Fourteen killed in Muslim pilgrimage

FOURTEEN pilgrims were trampled to death yesterday during a ritual in the annual Muslim pilgrimage in which crowds of people throw pebbles at three stone pillars representing the devil’s temptations.

Fourteen killed in Muslim pilgrimage

Some pilgrims fell and were killed by the crush of people around them, according to the official Saudi Press Agency.

As one group of pilgrims finished their ritual stoning and left the site, they met up with another group, swelling the crowd to dangerous proportions, the agency quoted hajj security director Abdel Aziz bin Mohammed bin Said as saying.
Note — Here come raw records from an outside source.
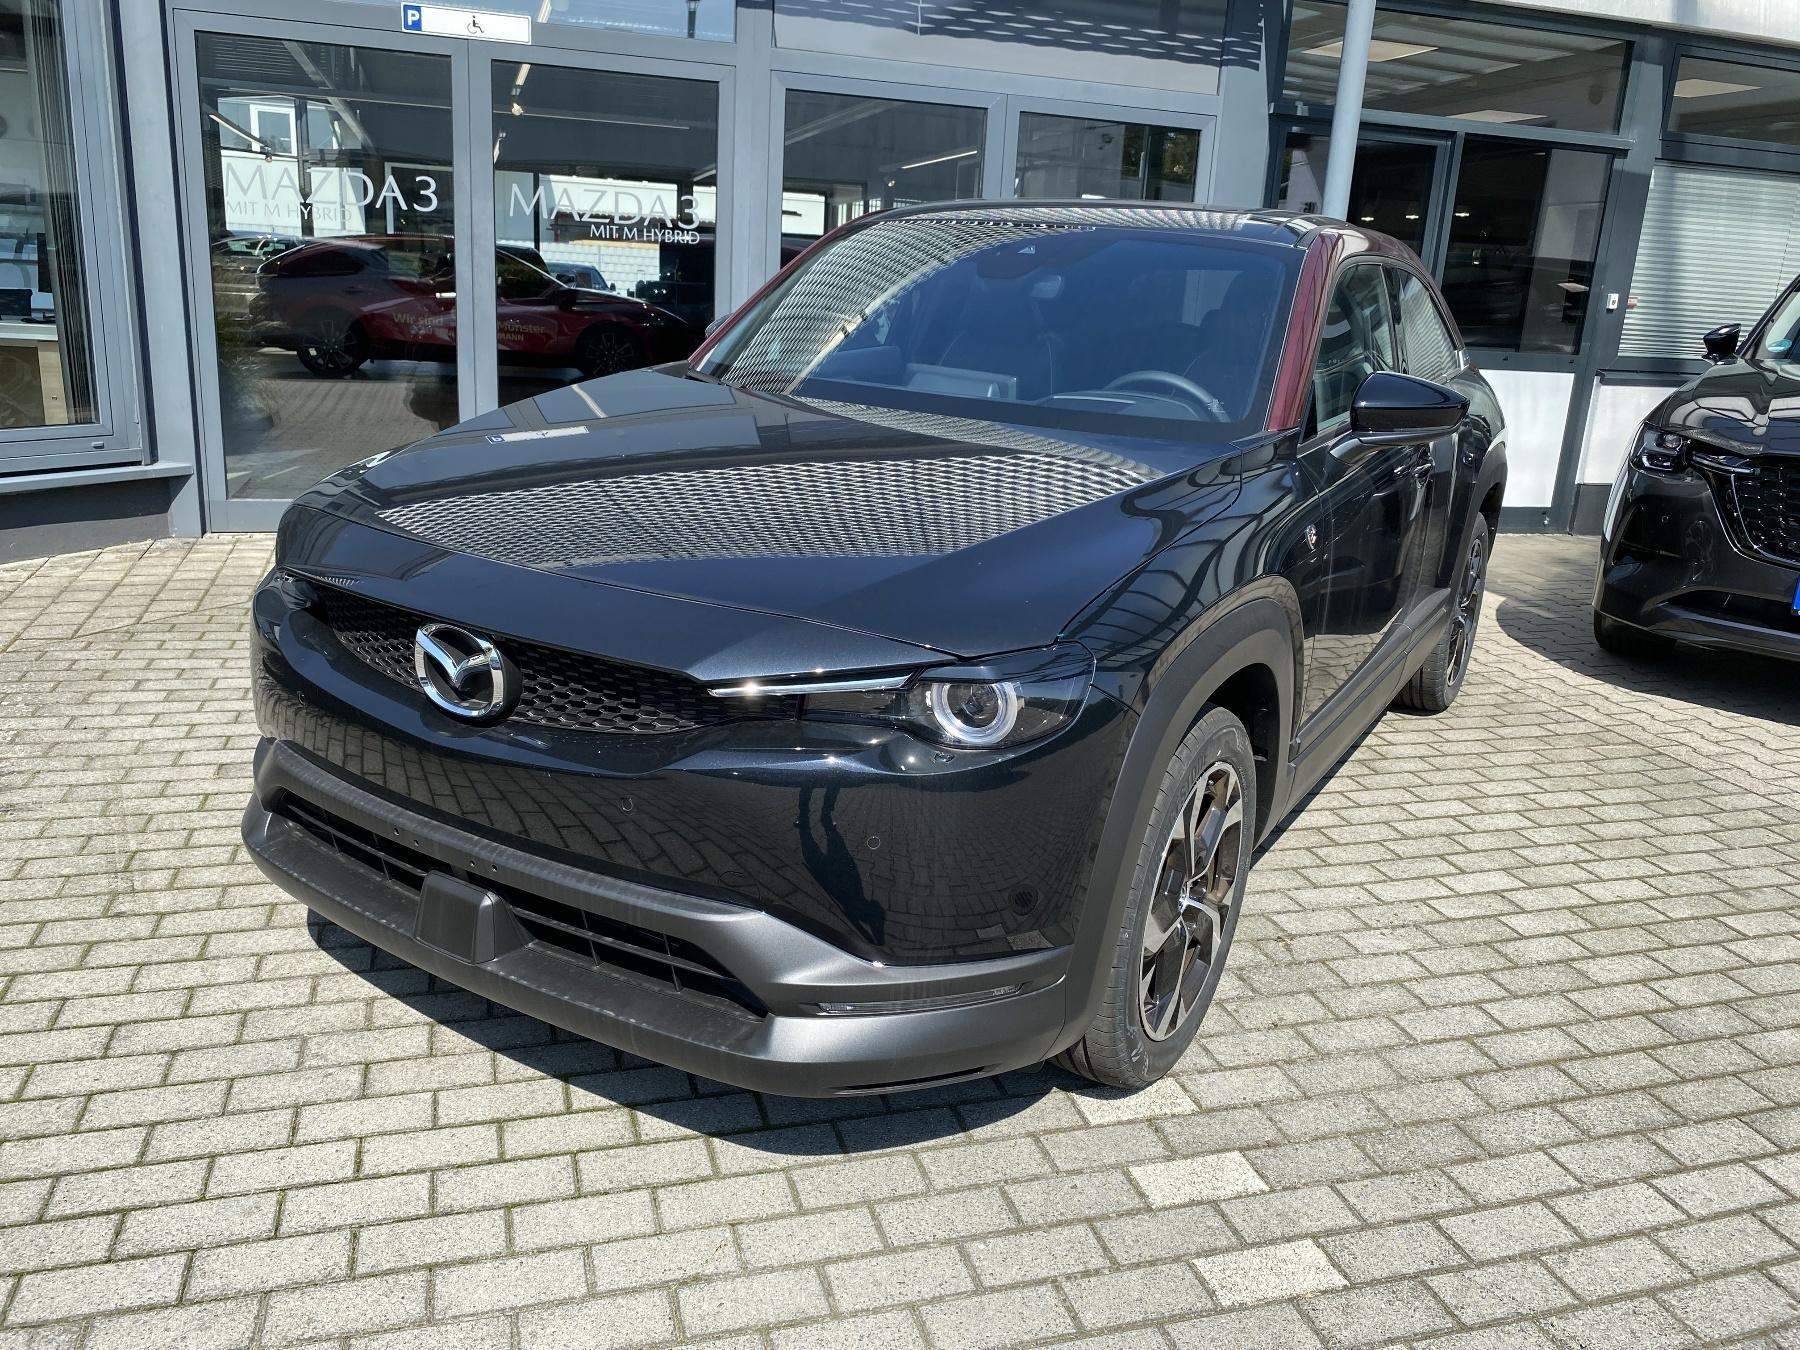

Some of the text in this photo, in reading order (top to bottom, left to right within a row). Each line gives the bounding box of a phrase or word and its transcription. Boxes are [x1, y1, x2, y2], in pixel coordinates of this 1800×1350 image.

[407, 9, 420, 26] P
[226, 201, 352, 222] MIT M HYBRID
[590, 224, 700, 245] MIT M HYBRID
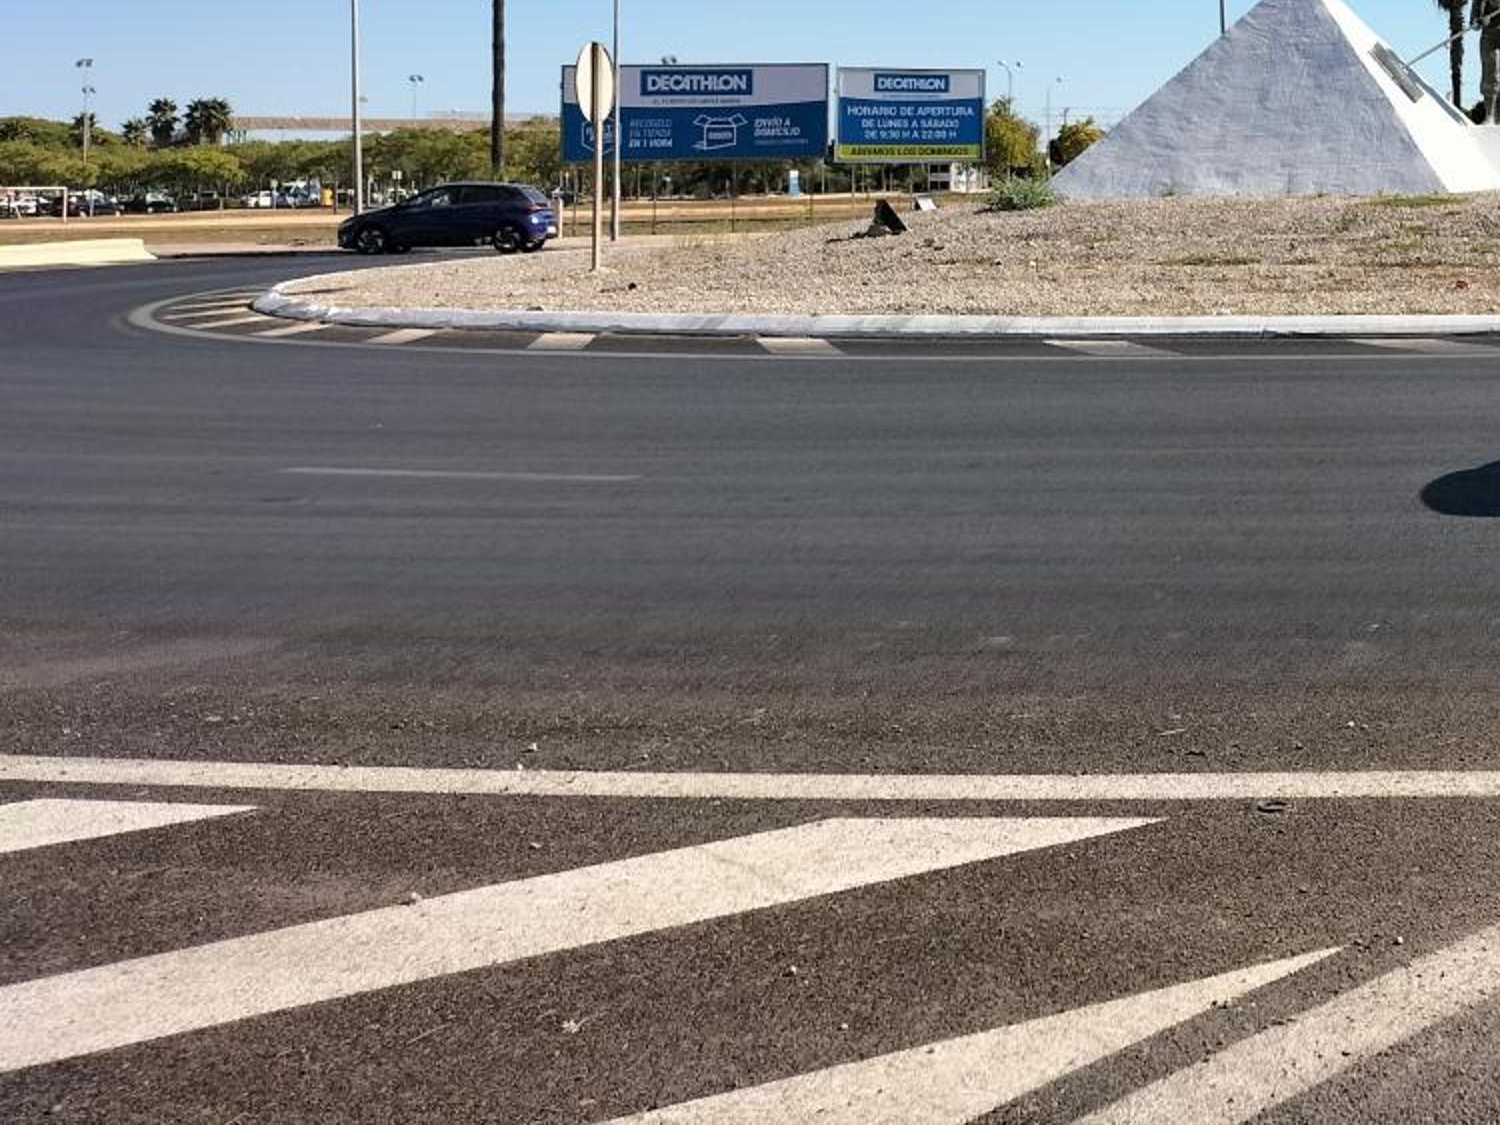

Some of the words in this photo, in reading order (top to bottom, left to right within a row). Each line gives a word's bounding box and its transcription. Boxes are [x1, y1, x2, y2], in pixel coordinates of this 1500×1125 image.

[647, 74, 747, 92] DECATHLON
[877, 77, 946, 90] DECATHLON
[847, 106, 897, 116] HORARIO
[899, 106, 915, 116] DE
[917, 106, 975, 116] APERTURA
[877, 119, 909, 128] LUNES
[911, 119, 919, 128] A
The deaths occurred at bout 10.30am in a Mina market area, he was quoted as saying.

"A lot of overcrowding took place, some of them fell on the ground, which lead to the death of 14 pilgrims," the agency's report said.

The three pillars ritual has been the source of dangerous bottlenecks in the past. In 2001, 35 people died in a stampede during the devil-stoning ritual. In 1998, 180 died performing the same ritual.

The dead included six women and nationals from Pakistan, India, Egypt, Iran and Yemen, the AFP agency reported.

More than two million Muslims were taking part in the ritual, after praying at Mount Arafat on Tuesday and collecting pebbles for the stoning.

The pilgrimage, which takes Muslims in the footsteps of Mohammed, Islam's 7th Century prophet, is the biggest annual mass movement of people on the planet.

In Mina, the devil is represented by three giant concrete pillars.

Yesterday, pilgrims threw only seven small stones at the first pillar, known as the "big Satan".

The stoning continues over the next three days and after completing the ritual, pilgrims circle the Kaaba a cube-shaped stone structure at the centre of Mecca's Grand Mosque seven times.

Then they say farewell prayers and ask God to accept their pilgrimage, which every able-bodied Muslim must make once in a lifetime.

After the stoning ritual, pilgrims may celebrate the start of the Eid al-Adha, or feast of sacrifice, by slaughtering a camel, cow or a sheep.